"Financial Times": na szczycie UE walka o jej przyszłość
Przywódcy państw członkowskich UE na spotkaniu w Brukseli opowiedzą się za zawieszeniem procesu ratyfikacji unijnej konstytucji i będą ratować kompromis w sprawie budżetu UE na lata 2007-2013 - pisze brytyjski dziennik "Financial Times".
Zdaniem gazety, kraje członkowskie zaproponują bezterminowe zawieszenie ratyfikacji konstytucji UE i będą natomiast desperacko szukać kompromisu w sprawie przyszłego unijnego budżetu.
"Financial Times" zaznacza, że dwa dni szczytu (16 i 17 czerwca) rozpoczną się od odpowiedzi przywódców na pytanie, w jaki sposób odrzucenie konstytucji unijnej przez Francuzów i Holendrów wpłynęło na sytuację i pozycję Unii.

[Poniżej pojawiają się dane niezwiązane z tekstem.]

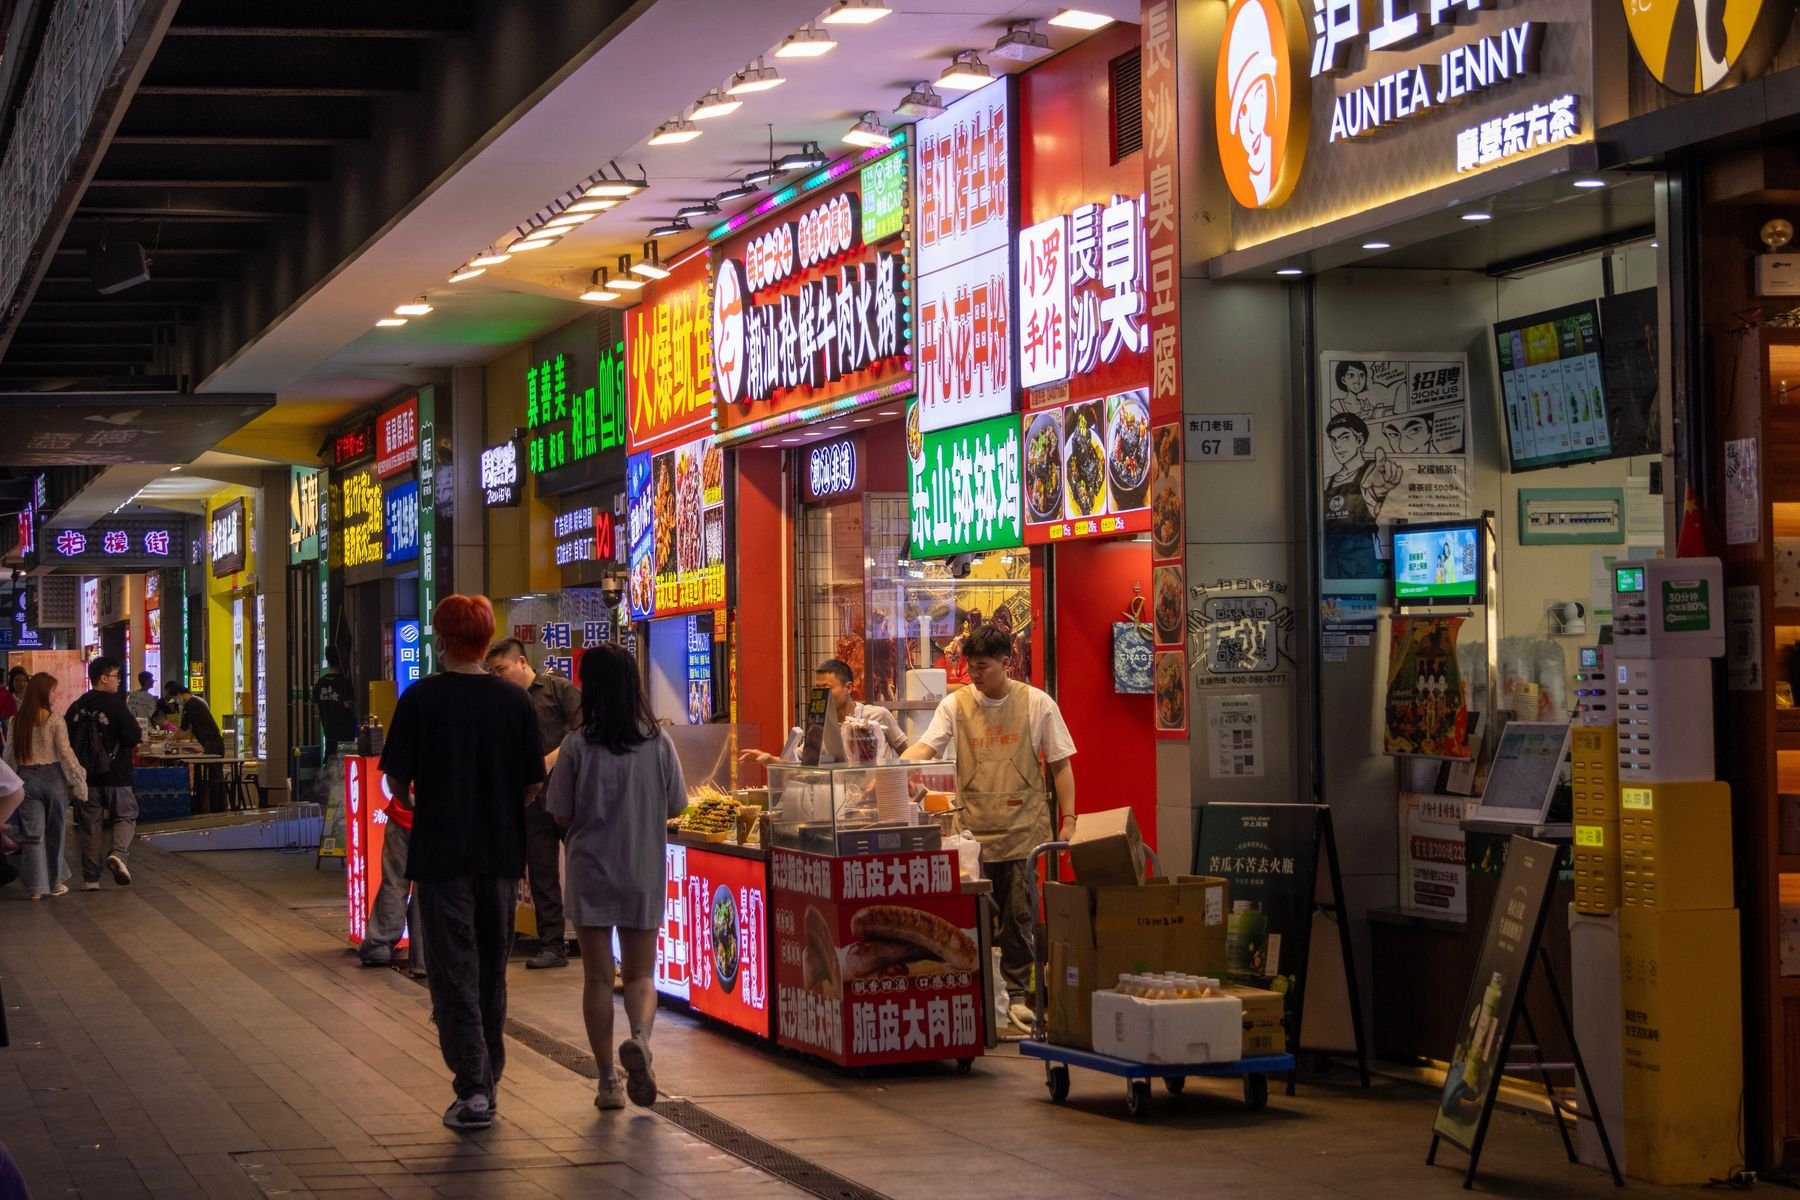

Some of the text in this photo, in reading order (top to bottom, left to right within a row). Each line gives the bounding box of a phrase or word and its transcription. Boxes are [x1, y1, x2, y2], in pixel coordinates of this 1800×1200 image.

[1310, 0, 1481, 77] 沪上
[1329, 22, 1529, 143] AUNTEA JENNY
[1457, 95, 1577, 172] 摩登东方茶
[1146, 5, 1177, 400] 長沙臭豆腐
[919, 273, 1008, 412] 开心花甲粉
[1412, 366, 1460, 392] 招聘
[527, 353, 567, 429] 真善美
[571, 387, 598, 462] 相照
[1189, 419, 1233, 433] 东门老街
[1411, 385, 1458, 400] JION US
[1201, 439, 1222, 455] 67
[911, 427, 1021, 550] 乐山钵钵鸡
[57, 530, 170, 556] 柠檬街
[843, 855, 953, 899] 脆皮大肉肠
[1208, 855, 1294, 875] 苦瓜不苦去火瓶
[702, 877, 712, 991] 老长沙
[740, 886, 751, 1006] 臭豆腐
[853, 995, 976, 1055] 脆皮大肉肠

Poszczególne kraje członkowskie oczekują od szczytu decyzji, że powinny kontynuować ratyfikację, ale w swoim tempie. Jednocześnie listopad 2006 roku nie może być datą końcową tego procesu. Wielka Brytania, Dania, Irlandia i Polska są tymi krajami, które oczekują, że zawiesi się na razie bezterminowo planowane u nich referenda.
"FT" pisze, że unijna konstytucja może odżyć tylko wtedy, gdy Francja i Holandia w ponownym głosowaniu powiedzą "tak". "To się jednak nie stanie w najbliższych pięciu latach, może nigdy" - mówi gazecie jeden z ambasadorów państwa członkowskiego.
W ocenie dziennika, w obliczu ponurej politycznej zapaści UE przywódcy będą usiłowali nie dopuścić do drugiego upokorzenia, czyli brak kompromisu w sprawie unijnego budżetu na lata 2007-2013.
Jean-Claude Juncker, premier Luksemburga, który przewodniczy teraz pracom UE, powiedział w przeddzień szczytu, że jest "prawie pewien", że kompromis w sprawie przyszłego unijnego budżetu będzie niemożliwy - przypomina "FT".